Decades ago, when healthy young men being examined for
insurance policies or entry into the armed services had high
readings but no retinopathy, albuminuria or other indication of
sustained hypertension, we used to reassure them and have them
lie down and relax in a quiet room. After 15 or 20 minutes,
repeated measurements were invariably much lower and usually
normal. Busy doctors don't have time for that today. It's much
easier and safer for them to prescribe a pill, since everyone
knows that hypertension is the "silent killer". In addition,
treating hypertension is easy, doesn't take much time or energy
and is apt to be quite remunerative since periodic
electrocardiograms and chest X-rays to monitor cardiac size and
laboratory tests are readily justified. Only a few questions
need to be asked, the patient often does not need to disrobe in
an examining room and the entire encounter often takes less than
ten minutes.
A not uncommon scenario is that when the patient returns
after the initial diagnosis of hypertension has been made and a
medication has been prescribed, he or she is even more nervous,
blood pressure is still high or higher and the dose is
increased. This may be repeated on subsequent visits and/or
additional drugs are ordered. The result may be dizziness or
other side effects that the patient now attributes to a
worsening of hypertension, causing even more stress. It is also
not generally appreciated that heart rate and blood pressure
shoot up whenever we speak or try to communicate in some other
way.

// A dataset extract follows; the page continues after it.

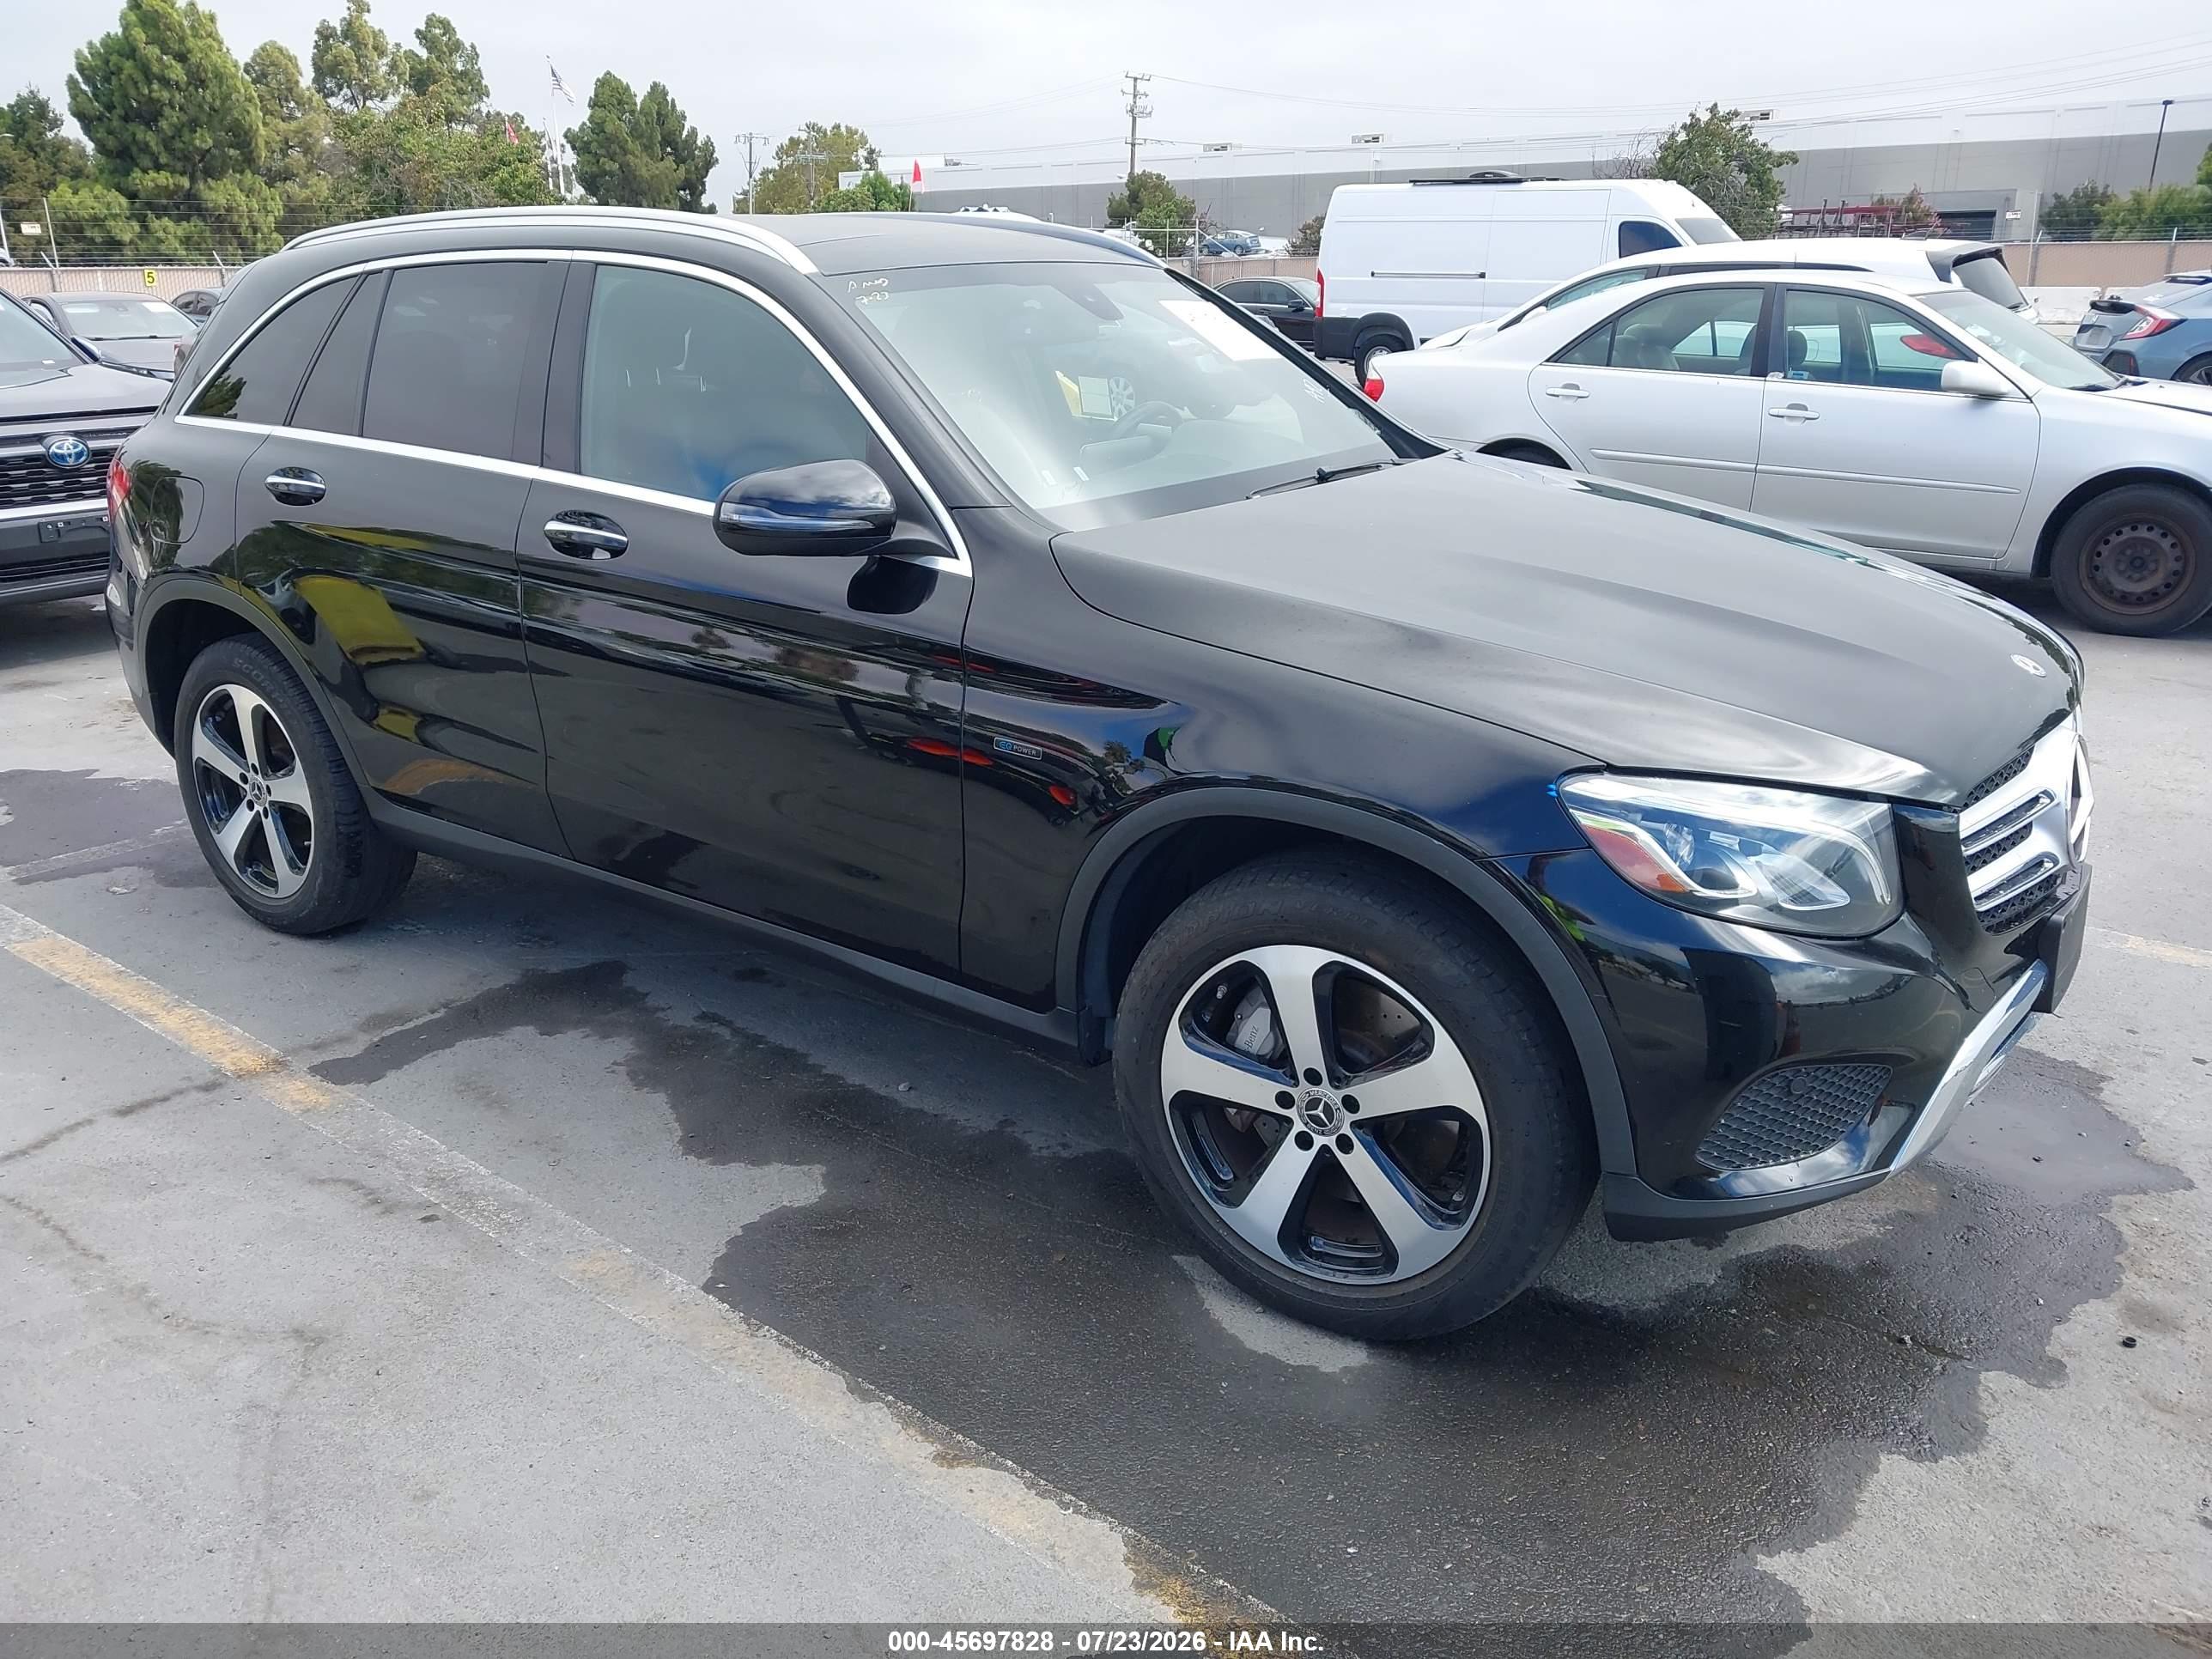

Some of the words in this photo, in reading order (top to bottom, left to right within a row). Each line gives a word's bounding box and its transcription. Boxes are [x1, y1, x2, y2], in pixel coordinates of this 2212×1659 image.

[147, 271, 155, 284] 5
[999, 741, 1012, 750] EQ
[1013, 744, 1036, 756] POWER
[1310, 1090, 1340, 1109] MERCEDES

The seminal investigations of this phenomenon showed that
such elevation is greater if we are talking to someone of
perceived higher social stature, more rapidly than usual, and if
the content of the conversation deals with some important
personal issue. Blood pressure rises in deaf mutes when they use
sign language but not when they move their hands meaninglessly
but with the same amount of energy.
We have also found that these rises are not blunted by any
anti-hypertensive drugs and are actually exaggerated by beta
blockers. It is not uncommon for anxious patients to talk
immediately prior to or even while the doctor is inflating the
cuff, which can increase blood pressure up to 50 percent in some
people. Time of day, room temperature, a full bladder, eating,
drinking or smoking within the past hour, and even the size of
the cuff used by the blood pressure device can all influence
measurements.
HEALTHSAVERS
COMMENTS
Let's recognize
this 'pre-hypertension' initiative for the scam that it is.
Considering the unscientific
methodology leading to the diagnosis (and the many
health-promoting non-pharmaceutical options available)
condemning so-called 'pre-hypertensives' to a lifetime of
health-destroying drug therapy can only be an obvious attempt by
the drug industry to expand their market.